This is why gelatin can be used as a substitute for bunny skin glue in
traditional gesso recipes.
Dik
This thread is all about quality of art materials. Ethics is an aspect
of quality.
We have a right to be concerned about the quality of our art.
We also have a right to be ethical in our choice of art materials and
foods we eat.
>It's even more complex than that. According to Grumbacher, you have to wait
for six months after applying the primer before it's safe to paint!
I got this information from the Grumbacher Web site in the discussion section.
"If you do choose to use an oil ground, please be advised that proper use of
such grounds include allowing the ground/primer to age for at least 6 months
after it is dry to the touch. <
Probably not a bad idea to wait six months, Tony. Better safe than sorry. But
an "oil ground" is completely different from an oil-based gesso. An oil ground
is lead white (titanium white these days) ground in oil. An old based gesso is
a traditional (hide glue/aqua based)) gesso saturated with a drying oil.
Dik
Actually, you have a right to consider for YOURSELF what you think ethical in
your
choice of art materials.
That's because if you are truly ethical, you shouldn't whine that when you
soak your brushes in oil, the bristle bends. Where do you think bristle comes
come?
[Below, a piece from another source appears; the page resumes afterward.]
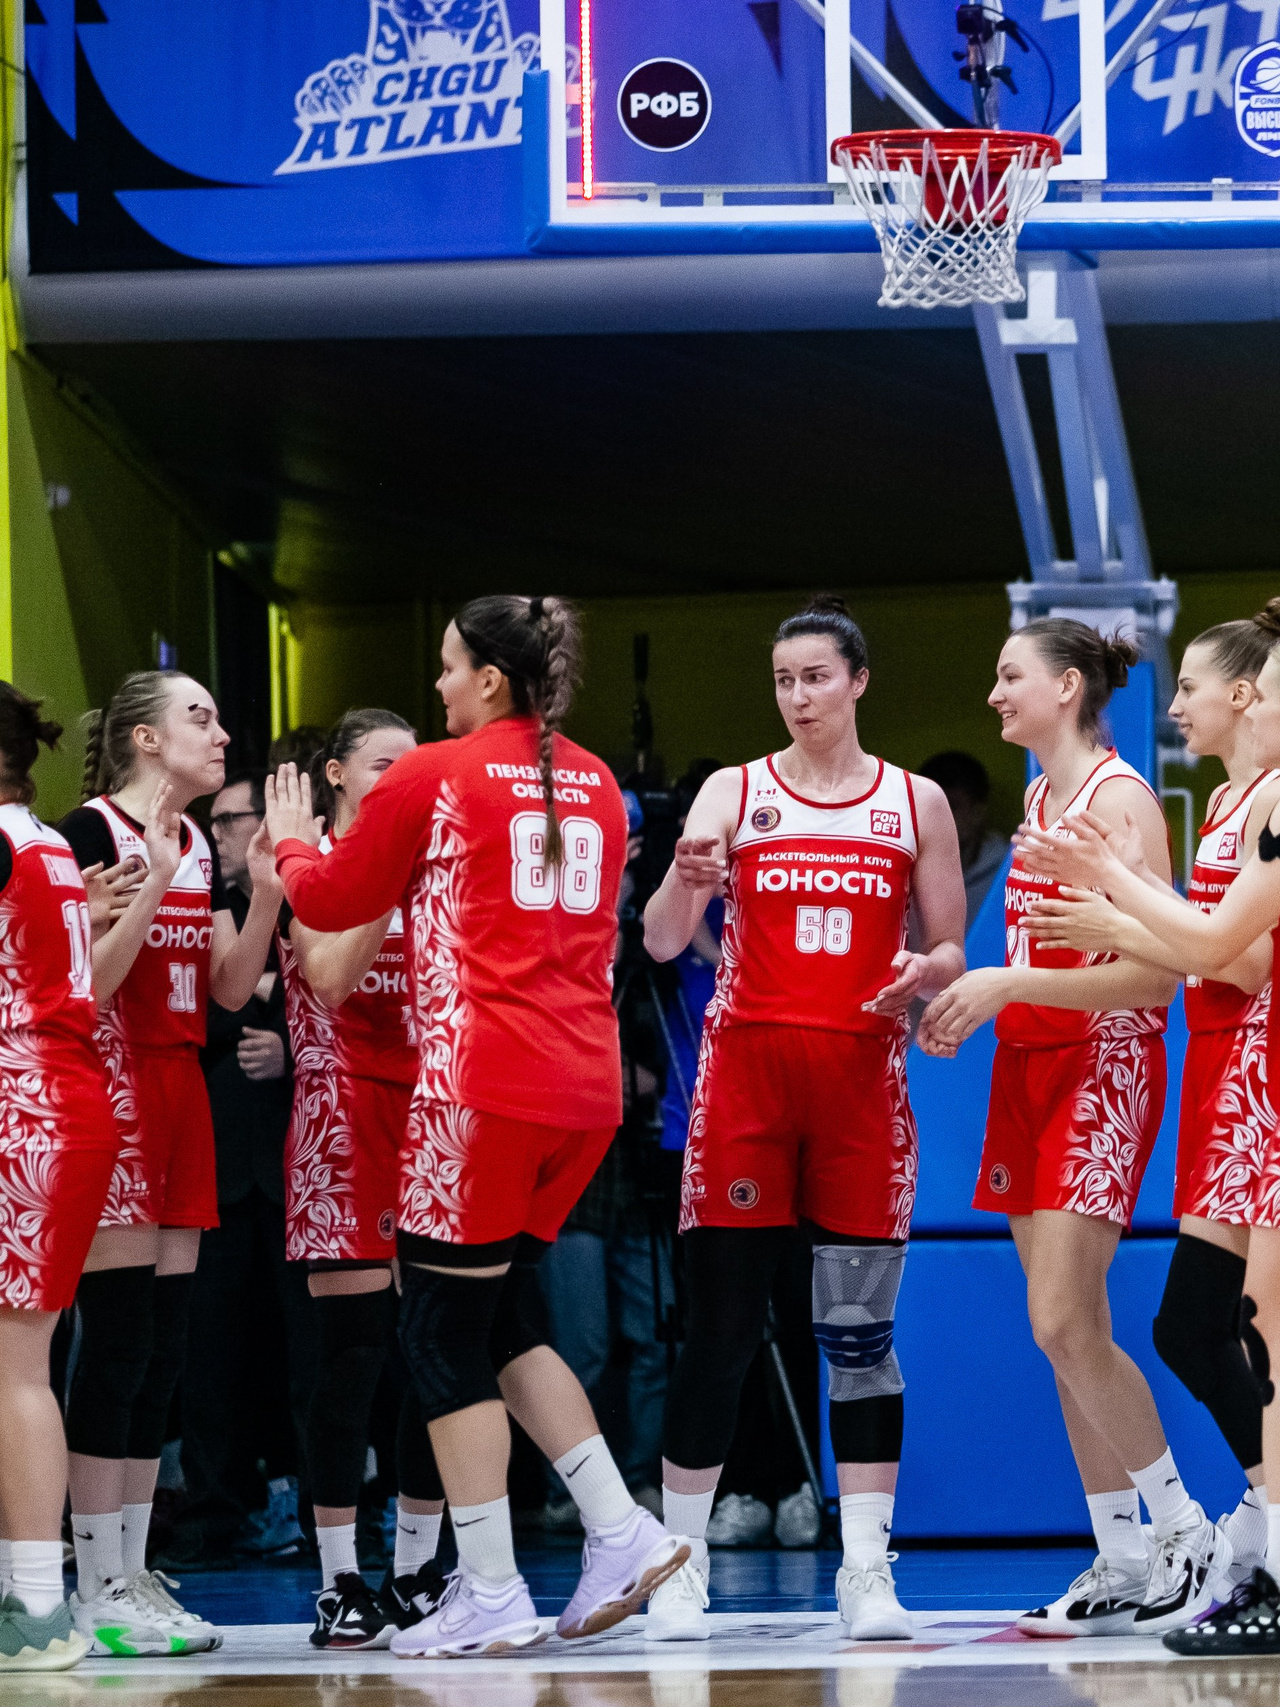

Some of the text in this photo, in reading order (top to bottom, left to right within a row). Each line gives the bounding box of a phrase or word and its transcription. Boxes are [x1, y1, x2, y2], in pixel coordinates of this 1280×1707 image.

And what faith do you propose for the hogs who are shaved of their
bristle just to serve your art?
Let them eat cake?
Dik
Great retort Dik. Nothing gets my dander up
more than self-serving preachers who think
only the way they believe is the best for
everyone. And it's strange to me how many
people worry about "toxicity" and such in a
country where people are living longer than at
any time in history. If there's one single
answer to all of humankind's current woes,
it's a massive reduction in the number of
PEOPLE on this earth. I'll be leaving soon!
>That's not feasible for me because if I take the whole four- by
>eight-foot sheet home, I've got no saw to cut it accurately with. I'm
>just painting in my dining room and don't have workshop facilities at
>home.
Okay. Now I understand your plight.
You are a hobby artist and therefore
need only worry about those supplies
you can accomodate in an apartment.
I have been responding as if you were
a serious artist with a regular art
studio space. Sorry for the misunderstanding.
What I meant was that we are all free to discuss on this newsgroup what
we consider to be quality art materials and ethical art materials, since
this is a fine art newsgroup.
A variety of opinions have been expressed in this thread about the
methods and materials used for panels and canvasses, and each person has
contributed according to his or her own perspective.
I've done the same thing here regarding the ethics of the use of art
materials, and there's nothing wrong with that and it's not incosistent
with the fact that others in this thread have expressed ideas that some
of the readers might not have considered, and therefore might find useful.
> That's because if you are truly ethical, you shouldn't whine that when you
> soak your brushes in oil, the bristle bends. Where do you think bristle comes
> come? And what faith do you propose for the hogs who are shaved of their
> bristle just to serve your art?
>
> Let them eat cake?
>
> Dik
I use synthetic brushes.
Brushes and canvasses are different anyway, because properly cared-for
brushes can last for decades, whereas rabbit skin glue is used only once
in a canvas and the artist has to keep buying more glue, so the use of
hogs in brushes is more efficient (as long as the artist knows how to
care for the brushes so he or she doesn't have to replace them frequently.)
>Yes, the Ralph Mayer book. It is an excellent text, Gale; and I have its all
>five editions. This book is indispensable for painters; and I referred to it
>often. Yet when it comes to emulsion ground, for whatever reason Mayer's
>instruction is incomplete.
Hmmmm! I guess no single reference can cover
all the variables, especially with something
as variable as artists and their materials.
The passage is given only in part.